1話 土魔術師、追放される
超久しぶりの新連載です。暫くは連続投稿しますので宜しくお願いします。
「アルス=タードニアス。君をSランクパーティー【文武両道の覇者】から追放する」
パーティーリーダーであるセイカク=ゴーミにそう告げられた。
【文武両道の覇者】とは僕が所属している冒険者のパーティーだ。
朝一番に集まるように言われ、席に着くと開幕早々にそう発言してきた。
追放、と。
「ま、待ってください! 僕はちゃんと命令をこなしてきたはずです」
はいそうですか、と了承できるはずもなく反論する。今までのゴーミや他のパーティーメンバーの無茶ぶりも全てやってきた。
なのに追放とは意味がわからない。
「は? お前が役に立った試しなんてないだろ。ゴーレムを作成出来るからとパーティーに入れてやったのに土くれしか作れないじゃないか」
「そうだな、あれをゴーレムと呼ぶなど不敬に当たる」
この人は重騎士のサンドラ=ゲリロードさん。
がっちりとした体格でゴーミさんとは正対だ。
重たい甲冑を着こなし、大剣を肩に掲げている。
「神聖たる職業【ゴーレム使い】と偽るなど言語道断。今までパーティーに所属出来たことに感謝するべきではなかろうか? 」
【ゴーレム使い】だなんて1度も言ってない。僕の職業は【土魔術師】だ。……一応ゴーレムを作成出来るからそう言ったんだけど、どうも勘違いされる。
僕なんかがかの伝説の勇者様と同じ職業な訳ないのに。
1000年前、勇者がゴーレムを自在に操りほぼ1人で魔王を倒したという逸話が語り継がれている。
そのためゴーレムを扱える人は何かと重宝される。
最初から怪しむべきだったのだろう。冒険者になったばかりの初心者をトップクラスのSランクパーティーが勧誘してくるなんて普通有り得ないのだから。

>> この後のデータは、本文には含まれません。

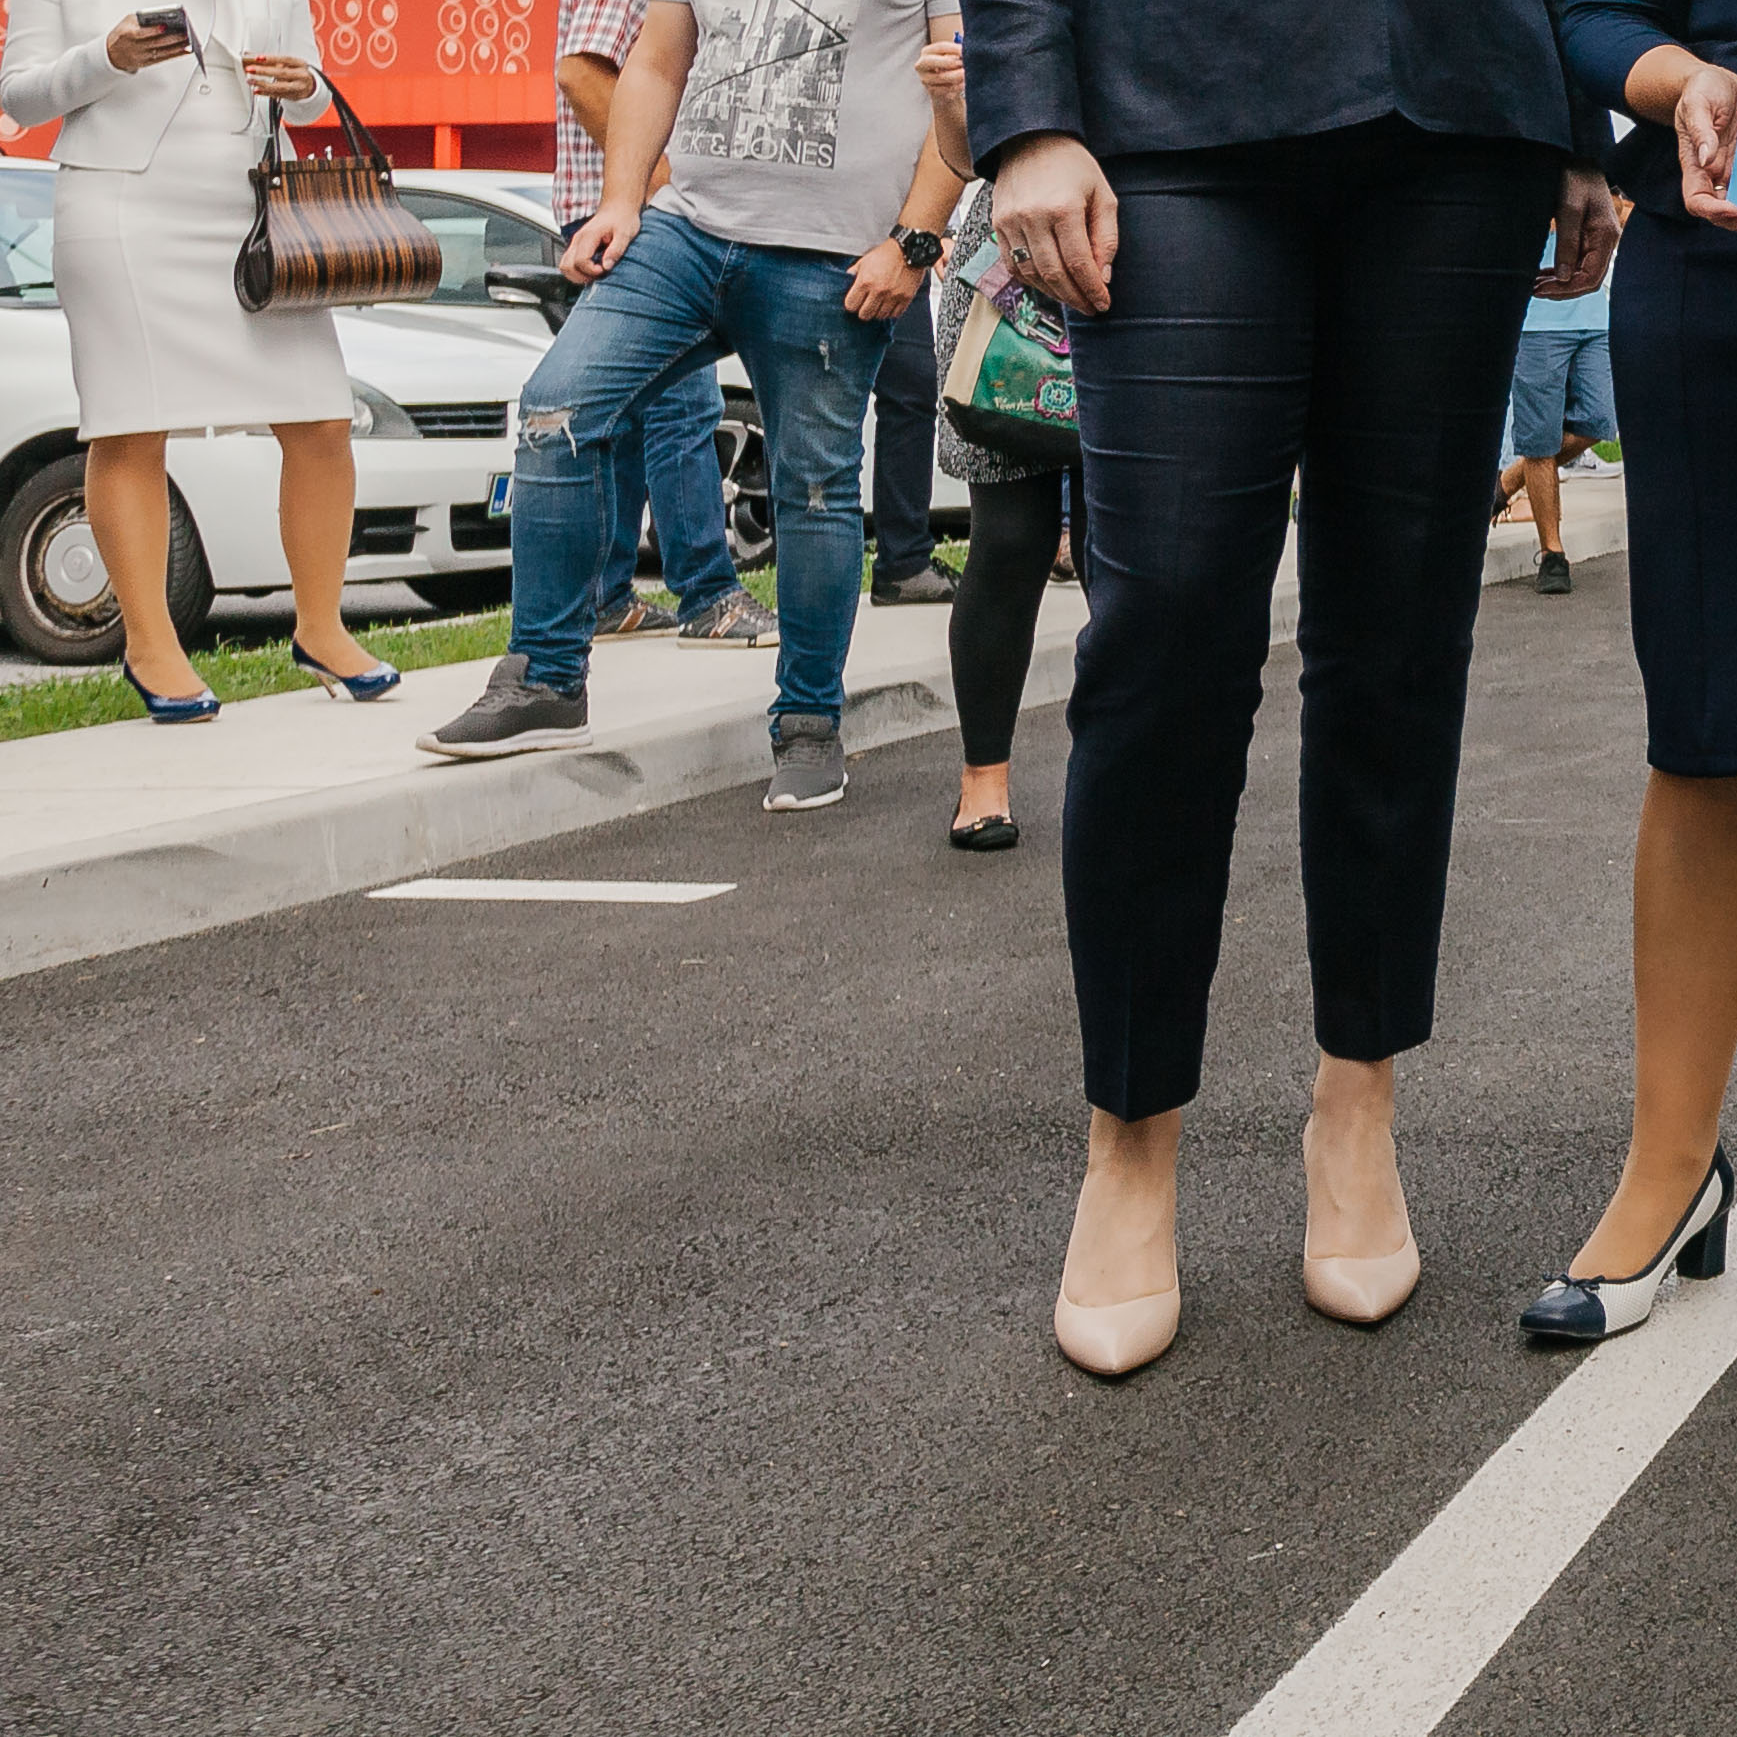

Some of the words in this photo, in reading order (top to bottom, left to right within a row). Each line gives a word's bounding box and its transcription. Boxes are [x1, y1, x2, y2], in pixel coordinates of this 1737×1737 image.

[679, 130, 700, 154] CK
[710, 133, 728, 158] &
[734, 136, 834, 168] JONES

「それに君はレベルが“1”から上がらないじゃないか。筋力も弱いから荷物も持てないし……唯一評価できる土魔法もやらかしてくれたよね」
ゴーミの問いかけにギクッとなる。
確かに僕はレベルが1だ。
一般的な冒険者推奨レベルは10以上であり冒険者になれたのも奇跡だ。
職業が【土魔術師】だったのと、担当の受付嬢さんが優しいお姉ちゃんだった、この2つが無ければ今頃何をしてたか見当もつかない。
「レベルは1で戦闘面では役に立たない、荷物持ちとしても役に立たない、勇者様の後継スキル【土魔術師】もろくに扱えない、魔導具はダメにする……誰がここまでの無能を入れておく必要があるんだい? ……泥遊びは他所でやれよ」
「泥遊び」ーーこの言葉が心の中を埋め尽くす。
今までの頑張りは全部無駄だったのだろうか?
更に追い打ちをかけてくる。
「分かってると思うがこれから一切ミリナには近づくなよ? 」
僕を睨みながらそう言う。
ミリナさんは回復術師で、いつも損傷や疲れを癒してくれる。
そして、パーティーメンバーの中で唯一僕の味方で居てくれる人だ。
何よりも僕の成長を誰よりも喜んでくれた姉みたいな存在だ。
……もしミリナさんがこの場に居たなら追放を止めてくれたかもしれない。
いや、いつまでもおんぶにだっこじゃ駄目だ。
後ろめたくなる気持ちに区切りをつけ、前を向く。
ーーもう会えなくなるのは悲しいけど僕が弱いからこうなったんだし。
「今までお世話になりました」
「ああ、分かってくれて嬉しいよ! じゃあな」
ニコリと笑いこちらに近づいてくる。
「はっ、俺が追放で済ませると思ったか? これだから頭の鈍いFランクは嫌いだよ」
ガツンッ。
ゴーミの言葉を最後に俺は意識を手放したのだった。